* [Exercise aim]:
Please repeat the data below exactly, with the pictures removed.

* [Provided records]:

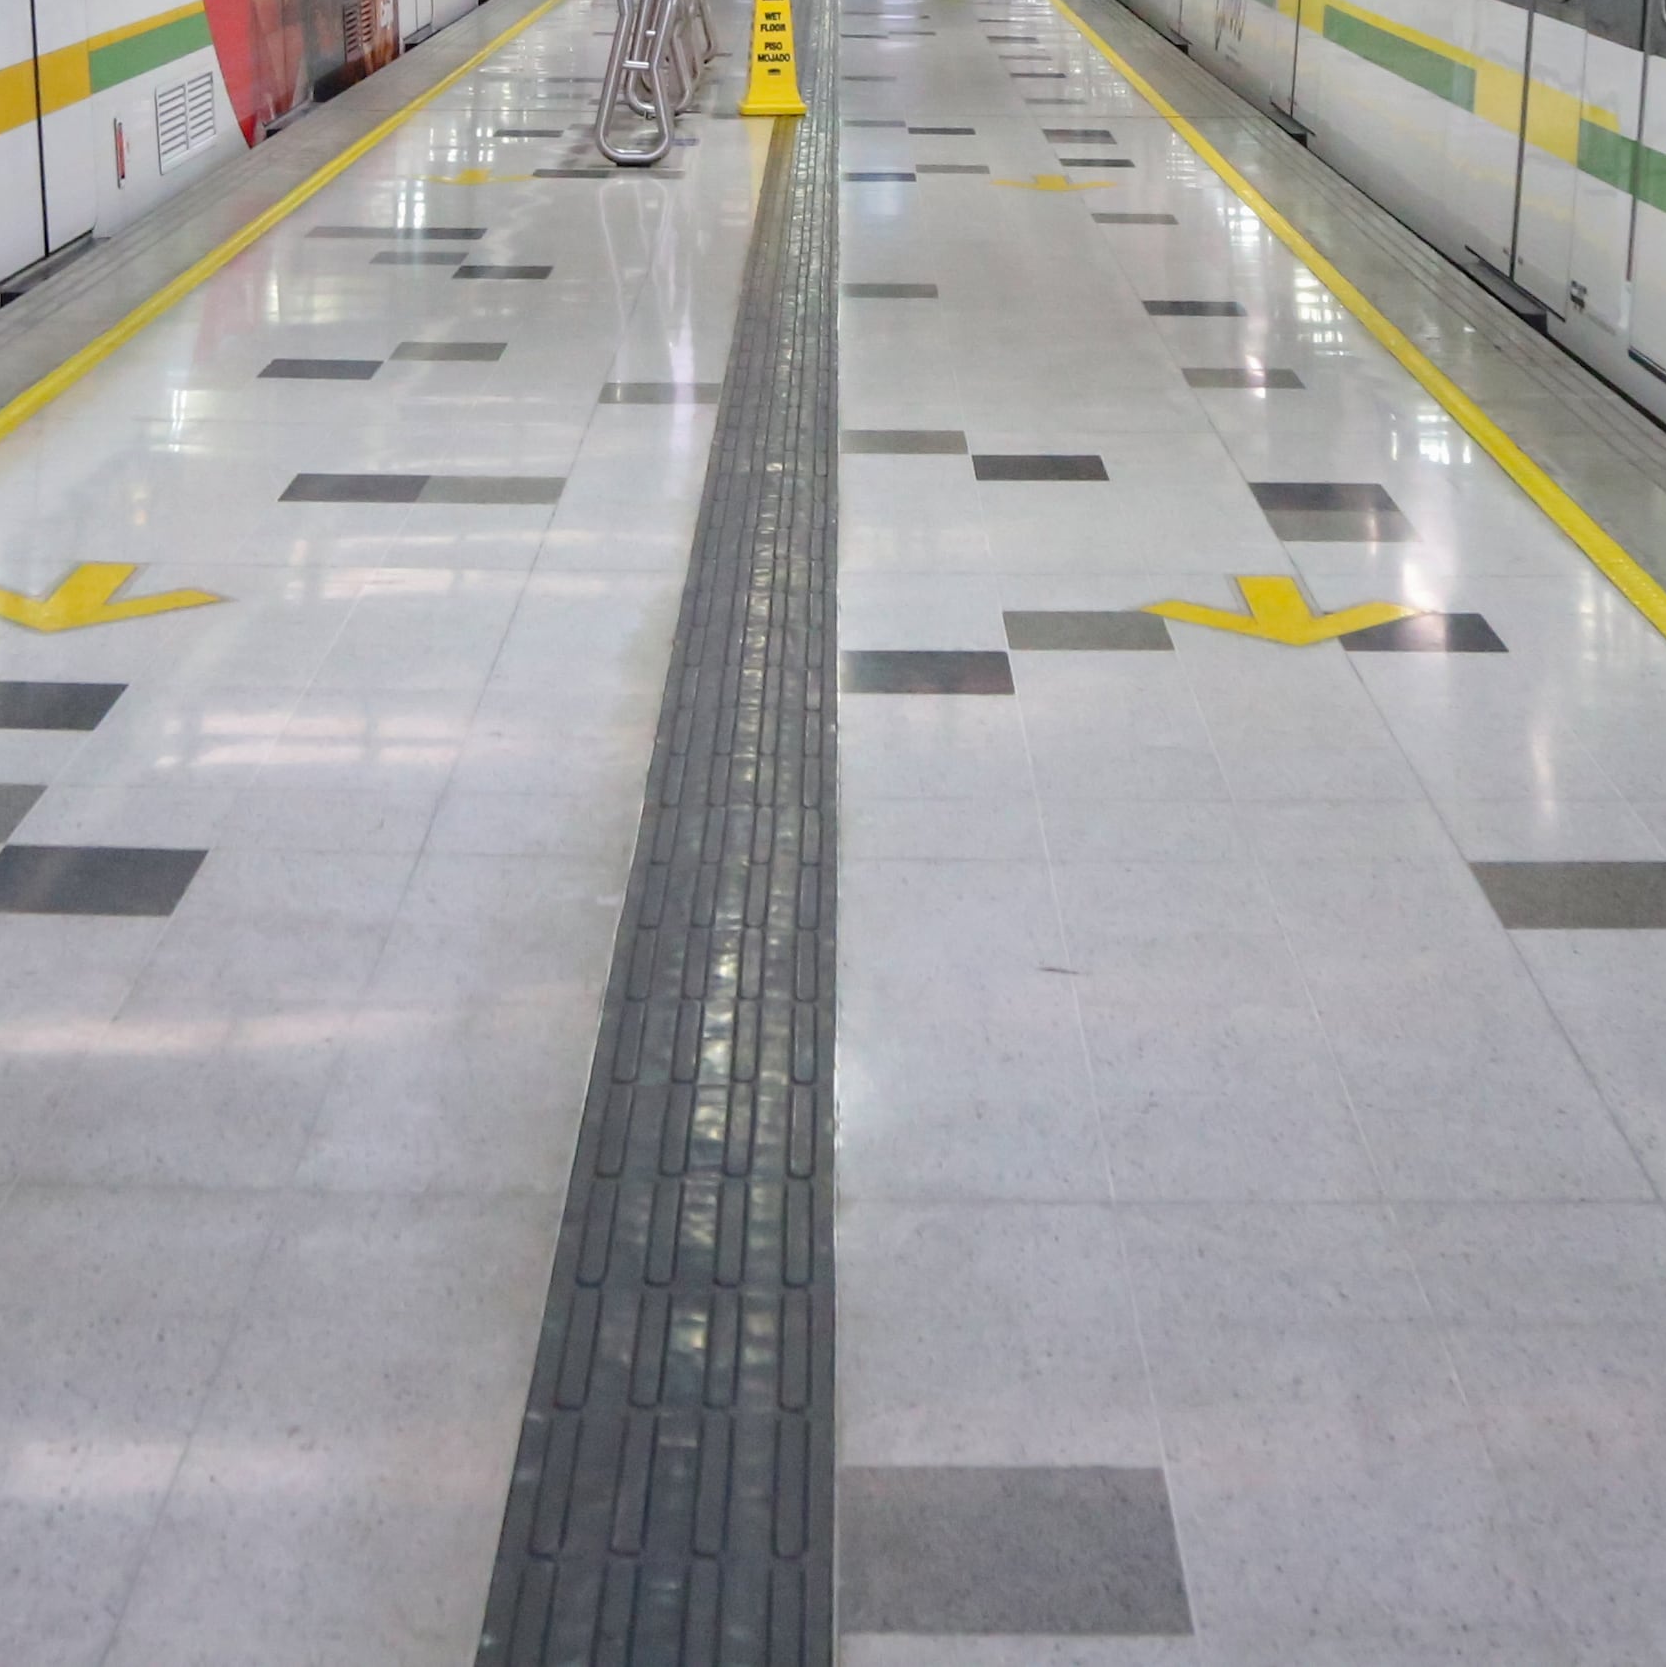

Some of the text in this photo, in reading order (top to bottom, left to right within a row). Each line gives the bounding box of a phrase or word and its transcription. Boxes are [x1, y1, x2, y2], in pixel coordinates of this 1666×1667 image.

[765, 12, 781, 21] WET
[760, 23, 787, 33] FLOOR
[764, 41, 783, 51] PISO
[757, 53, 791, 63] MOJADO

* [Solution for this task]:
Some of the text in this photo, in reading order (top to bottom, left to right within a row). Each line gives the bounding box of a phrase or word and its transcription. Boxes are [x1, y1, x2, y2], in pixel coordinates of this 1666×1667 image.

[765, 12, 781, 21] WET
[760, 23, 787, 33] FLOOR
[764, 41, 783, 51] PISO
[757, 53, 791, 63] MOJADO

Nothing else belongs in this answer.